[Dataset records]
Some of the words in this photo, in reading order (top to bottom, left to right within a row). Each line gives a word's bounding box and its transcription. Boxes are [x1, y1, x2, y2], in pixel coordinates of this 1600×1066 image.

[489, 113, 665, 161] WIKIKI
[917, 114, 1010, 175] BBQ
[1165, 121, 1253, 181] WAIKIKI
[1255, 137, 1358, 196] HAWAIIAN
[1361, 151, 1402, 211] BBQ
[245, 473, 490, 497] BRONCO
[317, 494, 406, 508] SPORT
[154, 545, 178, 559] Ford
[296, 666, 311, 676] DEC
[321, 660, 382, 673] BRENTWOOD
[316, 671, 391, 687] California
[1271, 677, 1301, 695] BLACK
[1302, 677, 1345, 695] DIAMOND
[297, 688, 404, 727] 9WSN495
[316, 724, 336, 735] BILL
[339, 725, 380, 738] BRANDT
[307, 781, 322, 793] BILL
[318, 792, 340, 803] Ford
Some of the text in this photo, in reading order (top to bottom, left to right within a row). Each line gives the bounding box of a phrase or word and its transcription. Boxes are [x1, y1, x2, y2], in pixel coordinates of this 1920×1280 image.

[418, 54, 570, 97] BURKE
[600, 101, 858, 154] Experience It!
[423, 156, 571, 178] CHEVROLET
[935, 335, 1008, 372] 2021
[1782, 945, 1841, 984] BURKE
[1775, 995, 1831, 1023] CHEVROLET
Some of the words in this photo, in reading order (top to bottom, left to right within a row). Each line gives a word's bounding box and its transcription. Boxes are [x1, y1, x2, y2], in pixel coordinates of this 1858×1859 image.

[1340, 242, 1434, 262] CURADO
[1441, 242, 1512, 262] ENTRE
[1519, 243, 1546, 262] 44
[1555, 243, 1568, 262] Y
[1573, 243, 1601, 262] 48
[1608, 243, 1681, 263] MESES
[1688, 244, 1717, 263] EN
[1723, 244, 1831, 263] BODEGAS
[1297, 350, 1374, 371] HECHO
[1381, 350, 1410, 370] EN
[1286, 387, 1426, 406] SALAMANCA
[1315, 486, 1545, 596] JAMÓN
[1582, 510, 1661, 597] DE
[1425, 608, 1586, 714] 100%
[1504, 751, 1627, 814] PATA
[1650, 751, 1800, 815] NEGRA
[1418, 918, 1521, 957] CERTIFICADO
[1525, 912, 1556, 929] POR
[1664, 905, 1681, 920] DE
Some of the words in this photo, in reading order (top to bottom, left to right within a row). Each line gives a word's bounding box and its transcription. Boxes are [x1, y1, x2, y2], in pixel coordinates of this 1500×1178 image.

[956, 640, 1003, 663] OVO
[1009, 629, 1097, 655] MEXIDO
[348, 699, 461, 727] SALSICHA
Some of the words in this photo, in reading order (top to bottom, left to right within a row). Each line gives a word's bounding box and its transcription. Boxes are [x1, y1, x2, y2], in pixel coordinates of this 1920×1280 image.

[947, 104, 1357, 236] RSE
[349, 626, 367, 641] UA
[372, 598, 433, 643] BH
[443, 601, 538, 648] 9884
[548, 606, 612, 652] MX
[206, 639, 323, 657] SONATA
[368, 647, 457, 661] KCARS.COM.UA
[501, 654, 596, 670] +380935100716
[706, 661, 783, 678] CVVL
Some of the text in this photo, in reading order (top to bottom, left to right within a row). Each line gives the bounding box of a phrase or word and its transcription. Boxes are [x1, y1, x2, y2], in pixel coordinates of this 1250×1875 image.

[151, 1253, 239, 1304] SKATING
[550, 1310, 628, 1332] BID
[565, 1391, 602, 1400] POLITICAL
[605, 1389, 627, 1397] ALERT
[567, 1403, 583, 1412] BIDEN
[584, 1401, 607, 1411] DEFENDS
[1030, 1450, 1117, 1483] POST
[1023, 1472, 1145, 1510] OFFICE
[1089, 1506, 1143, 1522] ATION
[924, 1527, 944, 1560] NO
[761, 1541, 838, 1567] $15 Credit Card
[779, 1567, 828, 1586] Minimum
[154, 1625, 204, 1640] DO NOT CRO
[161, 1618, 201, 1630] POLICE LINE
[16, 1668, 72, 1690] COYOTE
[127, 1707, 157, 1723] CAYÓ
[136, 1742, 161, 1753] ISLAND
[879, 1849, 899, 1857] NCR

» **Directions**
Repeat the entries exactly, leaving nothing out.

» **Written answer**
Some of the words in this photo, in reading order (top to bottom, left to right within a row). Each line gives a word's bounding box and its transcription. Boxes are [x1, y1, x2, y2], in pixel coordinates of this 1600×1066 image.

[489, 113, 665, 161] WIKIKI
[917, 114, 1010, 175] BBQ
[1165, 121, 1253, 181] WAIKIKI
[1255, 137, 1358, 196] HAWAIIAN
[1361, 151, 1402, 211] BBQ
[245, 473, 490, 497] BRONCO
[317, 494, 406, 508] SPORT
[154, 545, 178, 559] Ford
[296, 666, 311, 676] DEC
[321, 660, 382, 673] BRENTWOOD
[316, 671, 391, 687] California
[1271, 677, 1301, 695] BLACK
[1302, 677, 1345, 695] DIAMOND
[297, 688, 404, 727] 9WSN495
[316, 724, 336, 735] BILL
[339, 725, 380, 738] BRANDT
[307, 781, 322, 793] BILL
[318, 792, 340, 803] Ford
Some of the text in this photo, in reading order (top to bottom, left to right within a row). Each line gives the bounding box of a phrase or word and its transcription. Boxes are [x1, y1, x2, y2], in pixel coordinates of this 1920×1280 image.

[418, 54, 570, 97] BURKE
[600, 101, 858, 154] Experience It!
[423, 156, 571, 178] CHEVROLET
[935, 335, 1008, 372] 2021
[1782, 945, 1841, 984] BURKE
[1775, 995, 1831, 1023] CHEVROLET
Some of the words in this photo, in reading order (top to bottom, left to right within a row). Each line gives a word's bounding box and its transcription. Boxes are [x1, y1, x2, y2], in pixel coordinates of this 1858×1859 image.

[1340, 242, 1434, 262] CURADO
[1441, 242, 1512, 262] ENTRE
[1519, 243, 1546, 262] 44
[1555, 243, 1568, 262] Y
[1573, 243, 1601, 262] 48
[1608, 243, 1681, 263] MESES
[1688, 244, 1717, 263] EN
[1723, 244, 1831, 263] BODEGAS
[1297, 350, 1374, 371] HECHO
[1381, 350, 1410, 370] EN
[1286, 387, 1426, 406] SALAMANCA
[1315, 486, 1545, 596] JAMÓN
[1582, 510, 1661, 597] DE
[1425, 608, 1586, 714] 100%
[1504, 751, 1627, 814] PATA
[1650, 751, 1800, 815] NEGRA
[1418, 918, 1521, 957] CERTIFICADO
[1525, 912, 1556, 929] POR
[1664, 905, 1681, 920] DE
Some of the words in this photo, in reading order (top to bottom, left to right within a row). Each line gives a word's bounding box and its transcription. Boxes are [x1, y1, x2, y2], in pixel coordinates of this 1500×1178 image.

[956, 640, 1003, 663] OVO
[1009, 629, 1097, 655] MEXIDO
[348, 699, 461, 727] SALSICHA
Some of the words in this photo, in reading order (top to bottom, left to right within a row). Each line gives a word's bounding box and its transcription. Boxes are [x1, y1, x2, y2], in pixel coordinates of this 1920×1280 image.

[947, 104, 1357, 236] RSE
[349, 626, 367, 641] UA
[372, 598, 433, 643] BH
[443, 601, 538, 648] 9884
[548, 606, 612, 652] MX
[206, 639, 323, 657] SONATA
[368, 647, 457, 661] KCARS.COM.UA
[501, 654, 596, 670] +380935100716
[706, 661, 783, 678] CVVL
Some of the text in this photo, in reading order (top to bottom, left to right within a row). Each line gives the bounding box of a phrase or word and its transcription. Boxes are [x1, y1, x2, y2], in pixel coordinates of this 1250×1875 image.

[151, 1253, 239, 1304] SKATING
[550, 1310, 628, 1332] BID
[565, 1391, 602, 1400] POLITICAL
[605, 1389, 627, 1397] ALERT
[567, 1403, 583, 1412] BIDEN
[584, 1401, 607, 1411] DEFENDS
[1030, 1450, 1117, 1483] POST
[1023, 1472, 1145, 1510] OFFICE
[1089, 1506, 1143, 1522] ATION
[924, 1527, 944, 1560] NO
[761, 1541, 838, 1567] $15 Credit Card
[779, 1567, 828, 1586] Minimum
[154, 1625, 204, 1640] DO NOT CRO
[161, 1618, 201, 1630] POLICE LINE
[16, 1668, 72, 1690] COYOTE
[127, 1707, 157, 1723] CAYÓ
[136, 1742, 161, 1753] ISLAND
[879, 1849, 899, 1857] NCR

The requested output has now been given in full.